A propósito, a ejaculação precoce é exatamente isto, um sintoma, não uma doença física, e, como qualquer outro sintoma, clama por interpretação. Suprimi-la apenas, sem entender o porquê de sua existência, é como jogar a sujeira para baixo do tapete. Infelizmente, esconder a sujeira é suficiente para muitos pacientes. Mas o profissional de saúde disposto a ajuda-los verdadeiramente é aquele que motiva reflexões inteligentes sobre os orgasmos precoces, por exemplo:

- Você fala em ejaculação precoce, mas o tempo que você leva até o orgasmo é suficiente para que sua parceira também atinja o orgasmo dela?

- Você considera sua ejaculação rápida em comparação a quem?

- Por que você acha que isso, de ejacular rapidamente, acontece com você?

- Desde quando esse problema ocorre em sua vida sexual? Por que teria começado nessa época?

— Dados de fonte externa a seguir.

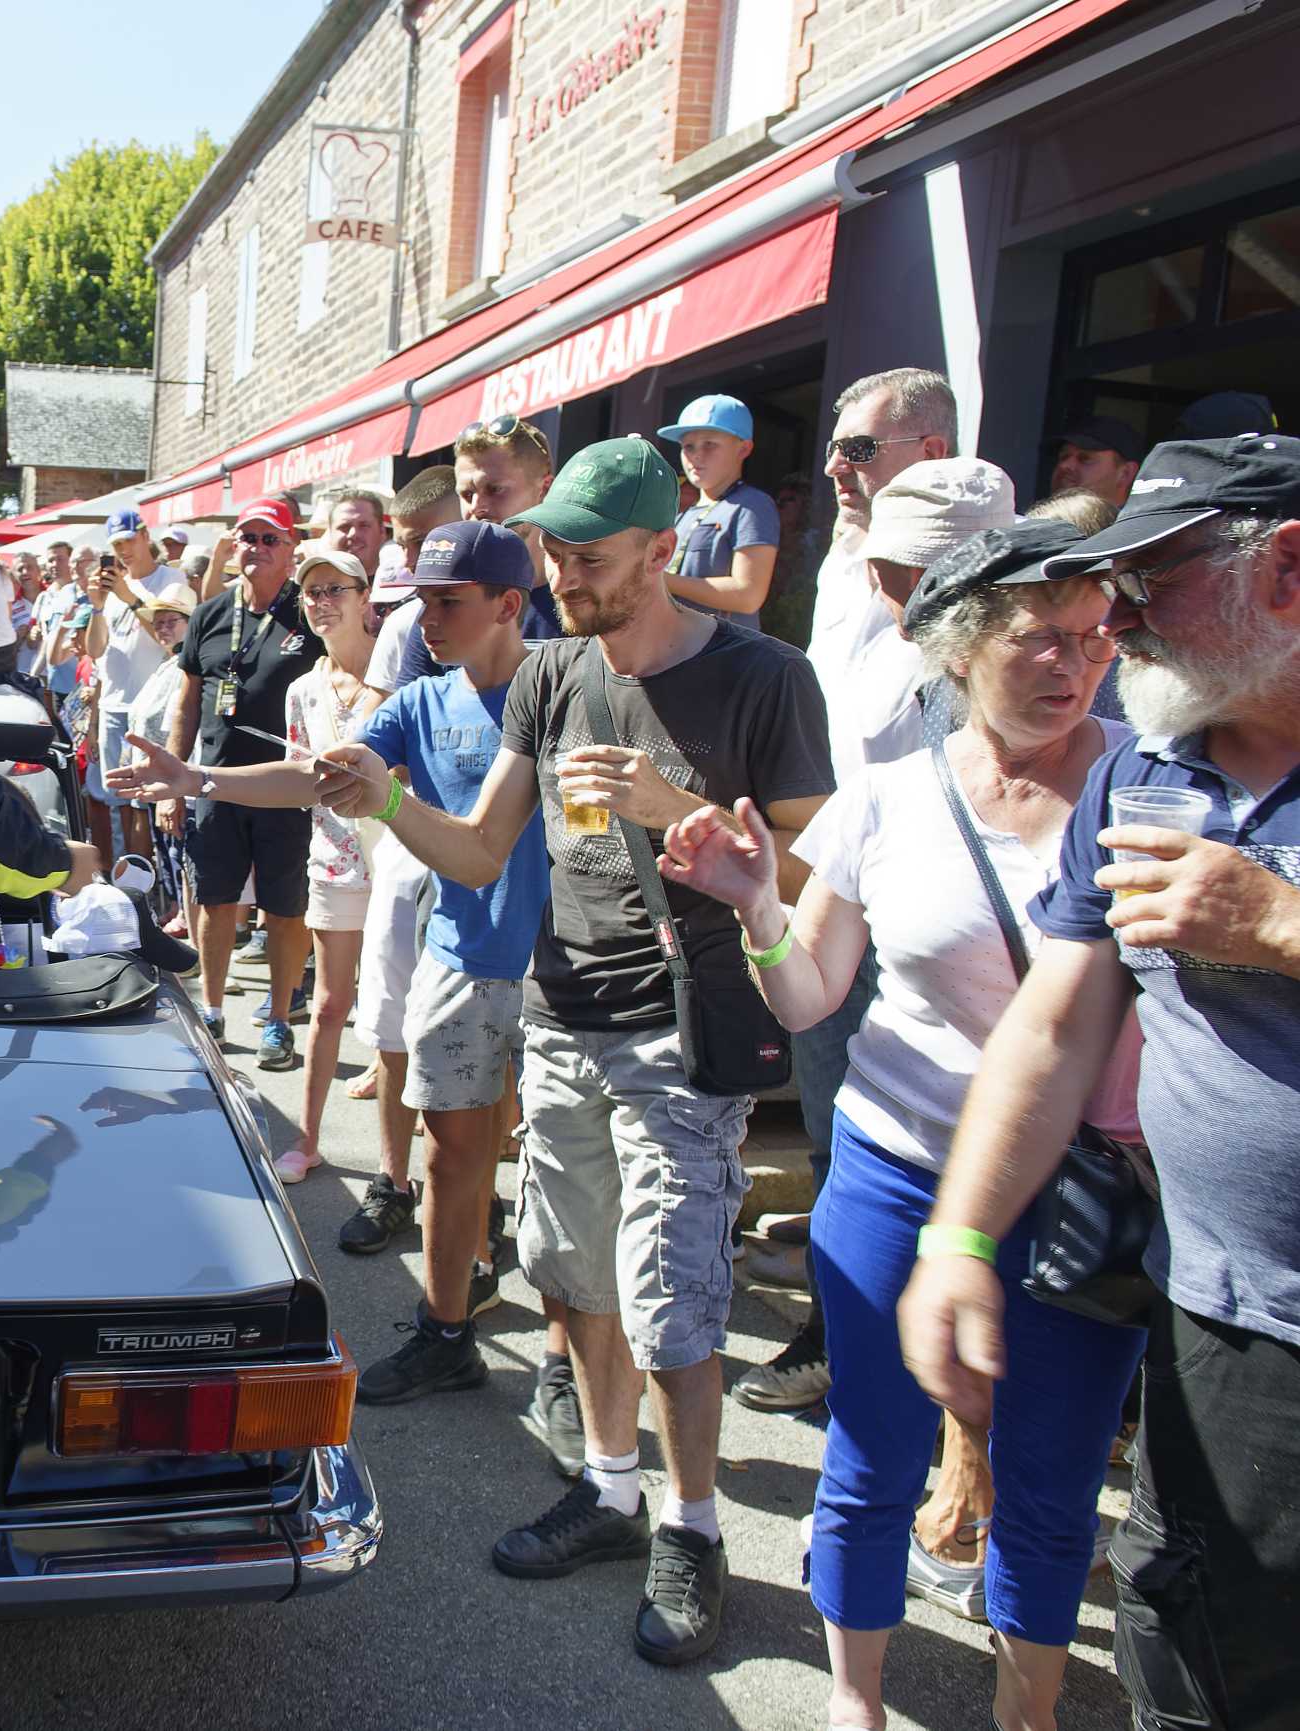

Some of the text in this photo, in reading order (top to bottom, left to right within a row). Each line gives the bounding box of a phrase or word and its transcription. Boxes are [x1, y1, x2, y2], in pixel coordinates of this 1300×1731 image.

[318, 219, 384, 241] CAFE
[478, 286, 684, 425] RESTAURANT
[455, 752, 487, 769] SINCE
[104, 1333, 230, 1350] TRIUMPH

Na literatura médica convencional, há tentativas de se usar números para definir a precocidade da ejaculação. De acordo com uma dessas definições, precoce seria o orgasmo masculino que ocorresse em menos de 2 minutos,
contados a partir do início da penetração, ou em menos de 10 incursões do pênis. Considero de pouquíssima utilidade esse tipo de definição quando lidamos com pessoas apresentando problemas na esfera sexual, haja vista a sexualidade satisfatória ser algo muito particular. Ou seja, o que é prazeroso para alguém, pode não ser para outro, o que é normal para fulano, pode ser uma afronta para cicrano, enfim, tem gente por aí muito feliz e bem resolvida sexualmente com coitos que outras pessoas considerariam rápidos demais. As peculiaridades são incontáveis na seara sexual.

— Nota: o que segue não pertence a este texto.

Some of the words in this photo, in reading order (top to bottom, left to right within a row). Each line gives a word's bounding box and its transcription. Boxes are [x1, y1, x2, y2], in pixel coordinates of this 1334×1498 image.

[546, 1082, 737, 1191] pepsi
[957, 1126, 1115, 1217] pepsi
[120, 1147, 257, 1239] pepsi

A fim de registrar a existência de medidas estritamente sintomáticas para o problema em pauta, os fármacos elencados como primeira escolha para “tratar” a ejaculação precoce são os inibidores seletivos da recaptação de serotonina (ISRS), como paroxetina e sertralina, em doses menores. O preço a se pagar por aqueles que almejam somente silenciar o sintoma é sua recorrência, algo comum após a suspensão do medicamento. Anestésicos tópicos são terapia farmacológica de segunda linha e podem provocar efeitos adversos, a saber, eritema da pele e da glande, sensação de queimação, e reações alérgicas, até mesmo na parceira.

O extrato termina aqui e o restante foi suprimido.